Twitter was down for two hours yesterday, assumed to have been the target of a cyberattack. BBC now reports that the target of the attack, which also affected Facebook and Google, was a single individual, Georgian blogger Cyxymu.
“”[The] attack appears to be directed at an individual who has a presence on a number of sites, rather than the sites themselves,” a Facebook spokesman told BBC News. “Specifically, the person is an activist blogger and a botnet was directed to request his pages at such a rate that it impacted service for other users.”
It is still not known who perpetrated the attack or why they may have targeted Cyxymu and his accounts. However, in an interview with the UK’s Guardian newspaper, the blogger blamed Russia. “Maybe it was carried out by ordinary hackers but I’m certain the order came from the Russian government,” he said.
The blogger has previously criticised Russia over its conduct in the war over the disputed South Ossetia region, which began one year ago. A previous statement by Facebook said that the attack on the websites where he held accounts was “to keep his voice from being heard”.
Other sites such as Live Journal, where Cyxymu has his blog, were also targeted in the attack on Thursday.
I don’t know much about the nuts and bolts of orchestrating such an attack. But assume for a moment that speculation is correct – that the act was perpetrated by a government to silence its opposition. The event would have seemed to have precisely the opposite effect, as Cyxymu’s dissident blogging has now made world headlines and increased, rather than decreased, his exposure.

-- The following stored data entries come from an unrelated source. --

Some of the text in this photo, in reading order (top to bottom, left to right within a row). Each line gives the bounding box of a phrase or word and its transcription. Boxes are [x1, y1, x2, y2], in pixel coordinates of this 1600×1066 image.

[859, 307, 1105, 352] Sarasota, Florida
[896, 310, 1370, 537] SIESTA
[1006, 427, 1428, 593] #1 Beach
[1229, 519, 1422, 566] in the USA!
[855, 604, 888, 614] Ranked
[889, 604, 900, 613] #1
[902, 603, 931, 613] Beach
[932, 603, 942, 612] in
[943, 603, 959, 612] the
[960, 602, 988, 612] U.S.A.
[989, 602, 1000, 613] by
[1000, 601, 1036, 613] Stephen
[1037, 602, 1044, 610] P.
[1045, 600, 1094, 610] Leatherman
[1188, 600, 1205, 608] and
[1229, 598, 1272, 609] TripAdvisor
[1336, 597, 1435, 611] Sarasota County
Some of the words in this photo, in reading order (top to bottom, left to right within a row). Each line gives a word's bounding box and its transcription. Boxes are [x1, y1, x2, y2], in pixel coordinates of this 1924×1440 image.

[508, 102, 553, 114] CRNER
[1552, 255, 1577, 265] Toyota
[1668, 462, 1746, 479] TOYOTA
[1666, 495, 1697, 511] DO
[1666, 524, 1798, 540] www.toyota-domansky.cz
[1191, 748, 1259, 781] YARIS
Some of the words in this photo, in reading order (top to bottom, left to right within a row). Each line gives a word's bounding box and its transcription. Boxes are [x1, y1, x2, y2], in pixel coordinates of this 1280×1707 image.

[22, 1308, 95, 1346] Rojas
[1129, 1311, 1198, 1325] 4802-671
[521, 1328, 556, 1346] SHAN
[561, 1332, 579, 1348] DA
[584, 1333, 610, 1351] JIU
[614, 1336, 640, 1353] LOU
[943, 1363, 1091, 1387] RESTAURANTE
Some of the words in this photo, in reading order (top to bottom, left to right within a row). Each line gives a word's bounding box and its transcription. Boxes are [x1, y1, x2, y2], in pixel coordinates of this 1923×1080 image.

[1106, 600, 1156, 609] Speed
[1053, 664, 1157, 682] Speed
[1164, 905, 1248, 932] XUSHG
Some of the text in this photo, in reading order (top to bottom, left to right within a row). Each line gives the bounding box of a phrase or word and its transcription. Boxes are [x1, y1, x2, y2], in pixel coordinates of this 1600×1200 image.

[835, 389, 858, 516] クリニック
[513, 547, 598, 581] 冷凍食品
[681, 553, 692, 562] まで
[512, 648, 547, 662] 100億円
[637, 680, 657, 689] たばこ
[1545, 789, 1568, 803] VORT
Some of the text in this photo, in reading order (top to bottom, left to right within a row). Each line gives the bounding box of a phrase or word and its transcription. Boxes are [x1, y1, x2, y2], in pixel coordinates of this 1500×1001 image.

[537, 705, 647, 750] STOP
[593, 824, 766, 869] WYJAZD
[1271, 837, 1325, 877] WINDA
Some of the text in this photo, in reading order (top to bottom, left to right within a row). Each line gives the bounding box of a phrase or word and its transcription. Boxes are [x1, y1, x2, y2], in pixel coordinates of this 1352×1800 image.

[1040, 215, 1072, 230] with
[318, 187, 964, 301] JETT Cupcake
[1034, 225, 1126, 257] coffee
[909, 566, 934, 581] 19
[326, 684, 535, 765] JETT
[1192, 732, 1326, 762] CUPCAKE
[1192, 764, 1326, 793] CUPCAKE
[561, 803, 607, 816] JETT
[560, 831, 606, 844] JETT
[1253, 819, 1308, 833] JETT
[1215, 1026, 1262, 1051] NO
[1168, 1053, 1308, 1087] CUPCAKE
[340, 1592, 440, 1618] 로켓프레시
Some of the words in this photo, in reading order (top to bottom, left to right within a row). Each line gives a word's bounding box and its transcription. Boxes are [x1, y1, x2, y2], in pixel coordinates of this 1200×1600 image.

Actually, one can hardly imagine that any government’s tactical thinking could be so flawed, as any reasonably informed follower of the relationship between Web 2.0 and transnational politics could surely have predicted this outcome. On the contrary, if we adopt the police investigator’s modus operandi of asking who stands to benefit from the act, one might actually suspect the dissident blogger himself, or one of his sympathists, or even a random hacker aimed at sending a strong message to governments that it’s ineffective to attempt to shut down online political discourse. What better way to pre-empt and turn the tables on government efforts at repression than to stage a repressive act impacting a wide community of users, whose source cannot easily be tracked, and then go finger-pointing?
If it was a government, hopefully all governments will have learned a lesson: web 2.0 is much more useful as a tool of global civil society than as a tool to silence it.
Other theories on whodunnit? Comment away.